Now behavioral scientists say they have identified the unique elements that add up to the expression. Jason Rogers and Abbe Macbeth, both of research firm Noldus Information Technology, recently took on RBF with a scientific, academic angle on the question: What is the difference between an expressionless face and a repulsive one? In other words, what makes a person’s otherwise neutral face register as RBF to another person? “We wanted this to be fun and kind of tongue-in-cheek, but also to have legitimate scientific data backing it up,” Macbeth told the Washington Post.

Rogers and Macbeth used Noldus’s FaceReader, a software that utilizes a directory of 10,000 human faces to identify facial expressions. The FaceReader scrutinizes a face and maps 500 points on it, then analyzes it. Based on its extensive catalogue, the FaceReader is able to assign one of eight human emotions: happiness, sadness, anger, fear, surprise, disgust, contempt, and — the one connected with RBF — “neutral.” For the neutral baseline, Rogers and Macbeth had FaceReader look at some blank faces, which it was able to do with 97 percent accuracy. The remaining 3 percent had tinges of sadness, for example, or a dash of disgust.

The researchers then plugged a cadre of the usual RBF suspects — including Kristen Stewart and Kanye West — and found that the rate of other emotions detected doubled to 6 percent, much of it from FaceReader picking up on “contempt,” detected through subtle facial cues: a slight lip-snarl, or the slightest squinting of the eyes and burrowing of brows.

This is an image straight from from the scientists’ paper.

There are two intriguing conclusions from this experiment of a machine reading facial expressions. One is that FaceReader senses something off-putting about some otherwise neutral visages. In other words, our human tendency to classify someone with a sullen and miffed expression as possessing RBF isn’t necessarily off.

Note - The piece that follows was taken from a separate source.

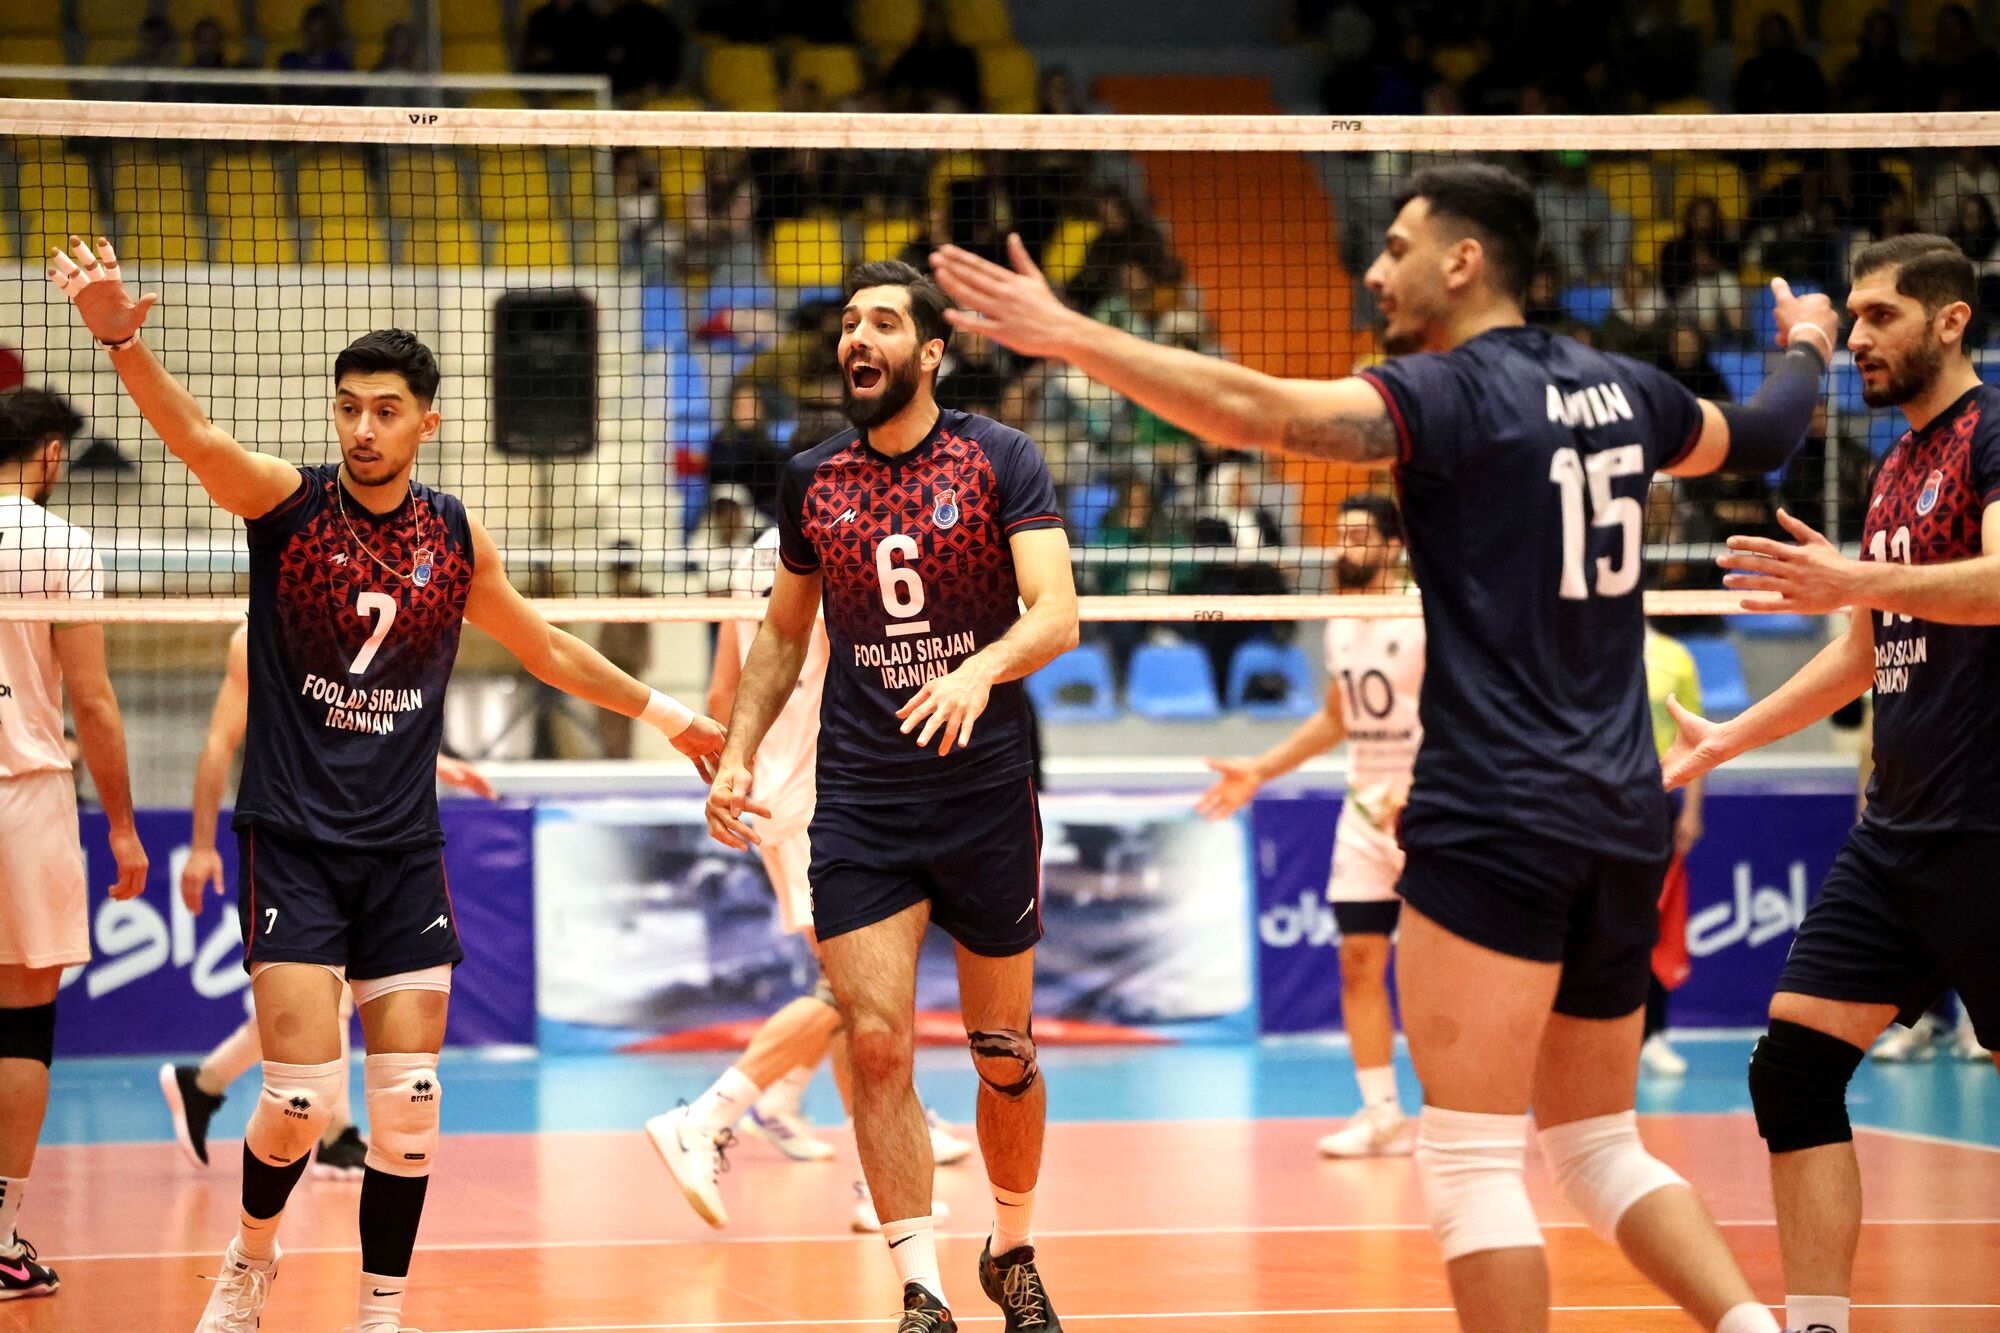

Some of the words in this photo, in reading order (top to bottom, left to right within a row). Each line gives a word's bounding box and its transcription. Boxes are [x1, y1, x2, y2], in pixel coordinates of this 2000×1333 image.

The second point: This is not a strictly female phenomenon. Discussions over RBF may have launched based on how a certain population of female celebrities would show up on the red carpet refusing to flash their pearly whites for cameras, but Macbeth and Rogers found that the expression can be detected equally in both males and females. This means that classifying RBF as a female-dominant expression of bitchiness is actually quite wrong, and probably a reflection of societal expectations of women. Here’s Macbeth:

That [smiling] is something that’s expected from women far more than it’s expected from men, and there’s a lot of anecdotal articles and scientific literature on that. So RBF isn’t necessarily something that occurs more in women, but we’re more attuned to notice it in women because women have more pressure on them to be happy and smiley and to get along with others.

Curious if you, too, might have a neutral face tinged with contempt? Macbeth and Rogers are eager to accept your most neutral face to run through FaceReader so that you can know whether you’re just expressionless or exude contempt.